Kesetiaan seorang Abdidalem Kraton Jogjakarta dalam menjaga makam Sultan Agung di Imogiri
lukisan cat minyak pada kanvas
90 x 70 cm
karya herjaka HS 2014
Sawitri Oh Sawitri
Herjaka HS
(5) Menjalani Tapa Ngrame
Sesampainya di pertapaan Arga Kenanga, Sawitri diajak masuk
ke dalam rumah yang cukup besar.
“Rumah ini adalah satu-satunya milik kerajaan, yang terhindar dari jarahan musuh.”
Sawitri mengangguk angguk sembari menebarkan pandangannya ke
penjuru ruangan.
“Selain kamu dan ayahmu, siapa saja yang tinggal di rumah
ini?”
“Ada beberapa orang,
mereka adalah pengikut setia ayahku. Ketika ayahku masih menjadi raja, mereka
bergantung pada belas kasihan ayahku. Tetapi sekarang kebalikannya, ayahku
bergantung pada belas kasihan mereka. “
Kemudian Sawitri diajak masuk ke ruangan tengah yang tidak
begitu luas lalu diperkenalkan kepada
ayah Setiawan yang bernama Begawan Jumatsena. Keadaannya sangat memprihatinkan.
Selain kurus dan buta, ia telah kehilangan semangat hidup. Sawitri merasa iba dan terpanggil untuk
menolong Begawan Jumatsena dari keterpurukan.
“Bolehkah aku membantu merawat ayahmu?” tanya Sawitri spontan.
“Tentu saja boleh” jawab Setiawan dengan polosnya. Ekspresi
wajahnya tidak dapat menyembunyikan kegembiraan yang membuncah. Ada keyakinan
yang kuat dalam diri Setiawan, bahwa wanita yang sekarang ada di depannya ini
dapat menyembuhkan dan memulihkan ayahandanya dari kebutaan dan mengentaskannya
dari derita dan keterpurukan.
Sejak hari itu Sawitri tinggal di Arga Kenanga bersama
beberapa pengikut setia Begawan Jumatsena.
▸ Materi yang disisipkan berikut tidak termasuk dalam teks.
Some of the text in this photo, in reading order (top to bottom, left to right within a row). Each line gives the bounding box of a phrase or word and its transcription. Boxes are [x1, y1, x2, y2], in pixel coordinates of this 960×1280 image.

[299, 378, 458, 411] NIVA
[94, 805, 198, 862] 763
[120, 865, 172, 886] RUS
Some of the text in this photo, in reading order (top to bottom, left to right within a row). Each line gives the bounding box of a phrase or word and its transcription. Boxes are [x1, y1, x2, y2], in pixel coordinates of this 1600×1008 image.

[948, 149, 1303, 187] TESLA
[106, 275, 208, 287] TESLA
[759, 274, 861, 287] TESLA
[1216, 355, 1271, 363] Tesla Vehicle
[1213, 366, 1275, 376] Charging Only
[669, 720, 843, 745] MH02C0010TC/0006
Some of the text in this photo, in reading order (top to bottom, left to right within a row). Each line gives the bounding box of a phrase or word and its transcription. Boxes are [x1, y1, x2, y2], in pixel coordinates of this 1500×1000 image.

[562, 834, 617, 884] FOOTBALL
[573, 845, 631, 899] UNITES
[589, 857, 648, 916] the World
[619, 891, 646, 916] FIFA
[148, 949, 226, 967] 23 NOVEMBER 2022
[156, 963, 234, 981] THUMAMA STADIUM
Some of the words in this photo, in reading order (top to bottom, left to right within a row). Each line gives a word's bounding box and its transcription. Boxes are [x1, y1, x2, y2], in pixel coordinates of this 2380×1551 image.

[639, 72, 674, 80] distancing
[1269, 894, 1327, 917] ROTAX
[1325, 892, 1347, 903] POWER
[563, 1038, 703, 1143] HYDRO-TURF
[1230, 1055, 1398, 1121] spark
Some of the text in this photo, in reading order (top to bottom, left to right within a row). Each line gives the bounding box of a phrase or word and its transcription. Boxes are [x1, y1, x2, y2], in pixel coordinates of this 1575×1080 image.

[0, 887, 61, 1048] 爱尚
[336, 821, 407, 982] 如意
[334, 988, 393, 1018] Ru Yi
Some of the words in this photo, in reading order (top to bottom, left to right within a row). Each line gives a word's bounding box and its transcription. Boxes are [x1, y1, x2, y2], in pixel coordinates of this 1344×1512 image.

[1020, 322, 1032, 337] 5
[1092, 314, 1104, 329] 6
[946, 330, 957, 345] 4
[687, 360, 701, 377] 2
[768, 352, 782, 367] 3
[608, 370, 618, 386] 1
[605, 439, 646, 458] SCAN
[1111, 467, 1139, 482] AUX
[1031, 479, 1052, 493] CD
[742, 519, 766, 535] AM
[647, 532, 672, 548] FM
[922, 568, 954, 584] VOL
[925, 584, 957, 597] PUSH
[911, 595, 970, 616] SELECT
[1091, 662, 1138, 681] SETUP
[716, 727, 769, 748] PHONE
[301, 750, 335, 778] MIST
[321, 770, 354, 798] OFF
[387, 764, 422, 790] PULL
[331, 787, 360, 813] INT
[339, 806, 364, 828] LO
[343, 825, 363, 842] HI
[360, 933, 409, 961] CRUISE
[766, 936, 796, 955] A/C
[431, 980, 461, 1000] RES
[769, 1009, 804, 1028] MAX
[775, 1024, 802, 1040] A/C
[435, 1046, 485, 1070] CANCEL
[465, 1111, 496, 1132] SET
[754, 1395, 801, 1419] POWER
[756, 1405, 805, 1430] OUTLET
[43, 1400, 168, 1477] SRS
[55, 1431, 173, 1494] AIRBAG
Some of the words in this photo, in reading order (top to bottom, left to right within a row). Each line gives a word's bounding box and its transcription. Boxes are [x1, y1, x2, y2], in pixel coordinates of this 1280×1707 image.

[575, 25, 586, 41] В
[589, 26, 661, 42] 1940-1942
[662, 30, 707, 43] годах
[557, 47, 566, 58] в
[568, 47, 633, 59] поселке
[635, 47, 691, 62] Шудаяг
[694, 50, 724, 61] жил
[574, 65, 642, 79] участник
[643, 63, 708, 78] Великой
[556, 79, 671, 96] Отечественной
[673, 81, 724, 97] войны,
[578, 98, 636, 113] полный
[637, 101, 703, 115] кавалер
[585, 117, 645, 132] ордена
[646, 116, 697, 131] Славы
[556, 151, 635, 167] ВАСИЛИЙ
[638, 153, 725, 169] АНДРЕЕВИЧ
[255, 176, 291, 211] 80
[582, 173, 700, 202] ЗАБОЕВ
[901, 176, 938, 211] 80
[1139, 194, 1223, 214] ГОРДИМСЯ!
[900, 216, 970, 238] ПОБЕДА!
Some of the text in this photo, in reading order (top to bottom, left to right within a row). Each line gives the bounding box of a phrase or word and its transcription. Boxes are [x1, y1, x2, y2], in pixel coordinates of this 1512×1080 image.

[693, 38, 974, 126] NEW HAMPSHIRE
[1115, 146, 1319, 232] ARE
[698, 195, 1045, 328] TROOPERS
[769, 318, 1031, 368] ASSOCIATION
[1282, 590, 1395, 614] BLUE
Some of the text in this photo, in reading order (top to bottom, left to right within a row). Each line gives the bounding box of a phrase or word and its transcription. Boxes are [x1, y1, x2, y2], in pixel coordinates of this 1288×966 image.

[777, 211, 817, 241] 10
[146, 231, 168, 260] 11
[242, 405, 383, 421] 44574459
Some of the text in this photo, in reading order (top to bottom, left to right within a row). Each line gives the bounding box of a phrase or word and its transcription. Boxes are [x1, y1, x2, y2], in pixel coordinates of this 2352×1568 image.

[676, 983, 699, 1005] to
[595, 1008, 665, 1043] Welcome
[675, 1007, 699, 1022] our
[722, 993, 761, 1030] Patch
Dengan demikian Sawitri dapat
mengenal Setiawan apa adanya, dalam kehidupan nyata sehari-hari.
Dari cerita salah satu pengikut Jumatsena, Sawitri tahu bahwa Setiawan sesungguhnya
adalah putra raja, bahkan dapat dikatakan calon pengganti raja. Meskipun Setiawan
terpaksa meninggalkan keraton untuk mengikuti ayahnya ke hutan belantara yang
sunyi, hal tersebut bukan berarti bahwa gelarnya sebagai putra mahkota lepas
dengan sendirinya. Di mata rakyat Arga Kenanga yang mencintai dirinya, Setiawan
masih tetap putra mahkota.
Yang istimewa pada pribadi Setiawan adalah, walaupun dirinya
terusir dari keraton dan mengikuti ayahnya dalam laku tapa, Setiawan tetap tegar dan bersemangat. Ia dengan setia
mendampingi ayahnya yang sedang menyucikan diri dengan laku tapa sehingga ayahnya dikenal dengan sebutan begawan atau petapa.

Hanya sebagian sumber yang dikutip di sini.